24 of 31 Questions for Reflection. Today’s question is inspired by reading Dṛg Dṛsya Viveka: An Inquiry Into the Seer and the Seen alongside listening to a discussion called “Vedanta for the 21st Century” hosted by Harvard Divinity School on March 11, 2020.
What questions arise when I focus on “consciousness” as an object of Vedanta meditation?
Three Hindu monastics visited Harvard Divinity School on March 11, 2020 and discussed the tradition of the Upanisads and Vedanta and its relevance to today. Sadhak Sahgar-Guru talked about the mental and physical instability that plagued Arjuna on the battle field in the Bhagavad Gita. The ways Arjuna overcame his dilemma can give us hope and insight today. Swami Sarvapriyananda talked about the hard problem of consciousness and the ways Advaita Vedanta offers a unique non-mystical, non-faith-based way to experience a knowledge of absolute consciousness. Brahmacharini Shweta Chaitanya talked about the ways the liberated consciousness not only discerns between the observer and the observed, but she also dissolves the seeming difference between the two—object and subject—to merge back into the subject. Without this observer who can do this with all states of consciousness—awakening, deep sleep, dreaming—there is no possibility of the phenomenal world. She says this is the heart of Vedanta, and it reveals how nothing is separate from the non-dual, infinite self. The joy we seek in objects is a reflection of the joy within. Complete fulfillment in the here and now is the outcome of this distinguishing-merging process. Yes, body and mind will have experiences, such as illness, aging, fear, anger, sadness; Vedanta never seeks to change our experience, simply change the way we know our experience. This panel discussion ends with clear confirmation that this ancient sage wisdom is relevant today.

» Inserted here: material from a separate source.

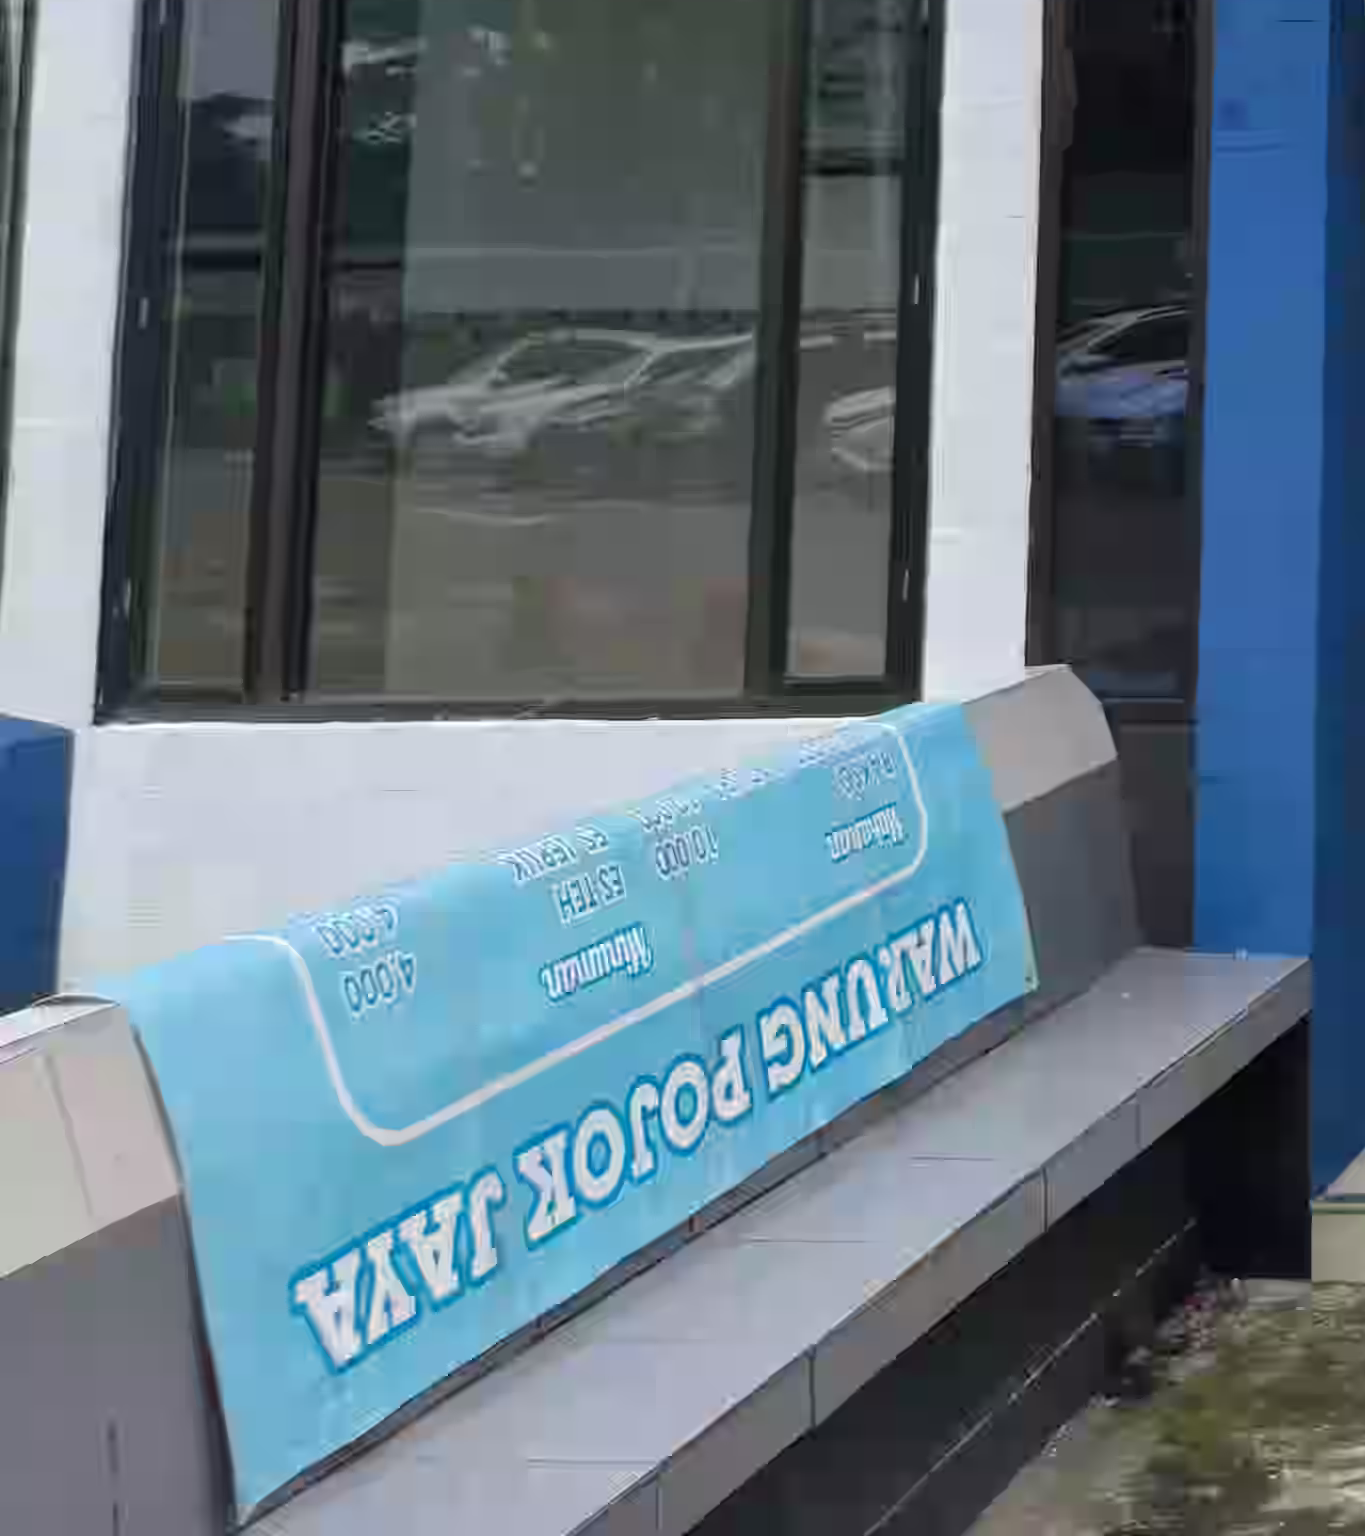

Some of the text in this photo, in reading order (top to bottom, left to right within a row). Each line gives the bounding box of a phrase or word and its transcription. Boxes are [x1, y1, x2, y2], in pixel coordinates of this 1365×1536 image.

[597, 865, 625, 906] ES
[539, 924, 653, 1005] Minuman
[289, 901, 984, 1376] WARUNG POJOK JAYA

It had been 164 years since Ralph Waldo Emerson wrote his poem “Brahma.” It had been 166 years since Henry David Thoreau contributed his essays Walden to the American Transcendentalist movement. It had been 166 years since Walt Whitman published his Vedanta-influence Leaves of Grass. It had been 137 years since Swami Vivekananda merged his wisdom with the sisters and brothers of America at the 1883 Chicago Parliament of World Religions, and finally in 2020, Harvard Divinity School did welcome three Hindu monastics to give the first-of-its-kind talk on Vedanta in the 21st century. That is one long and beautiful narrative arc that seems to reveal the story of Vedanta Now is just beginning. Beloved seeker, keep asking!
Meditating on consciousness, a Jnana yogi might ask, “Now that I am happy to know my experiences need not be fruitful, nor mystical, nor faith-based, nor meditative in order to be fulfilling; and now that I know this world is an expression of my infinite Self, where goes all this happiness in a culture that loves its negativity bias?”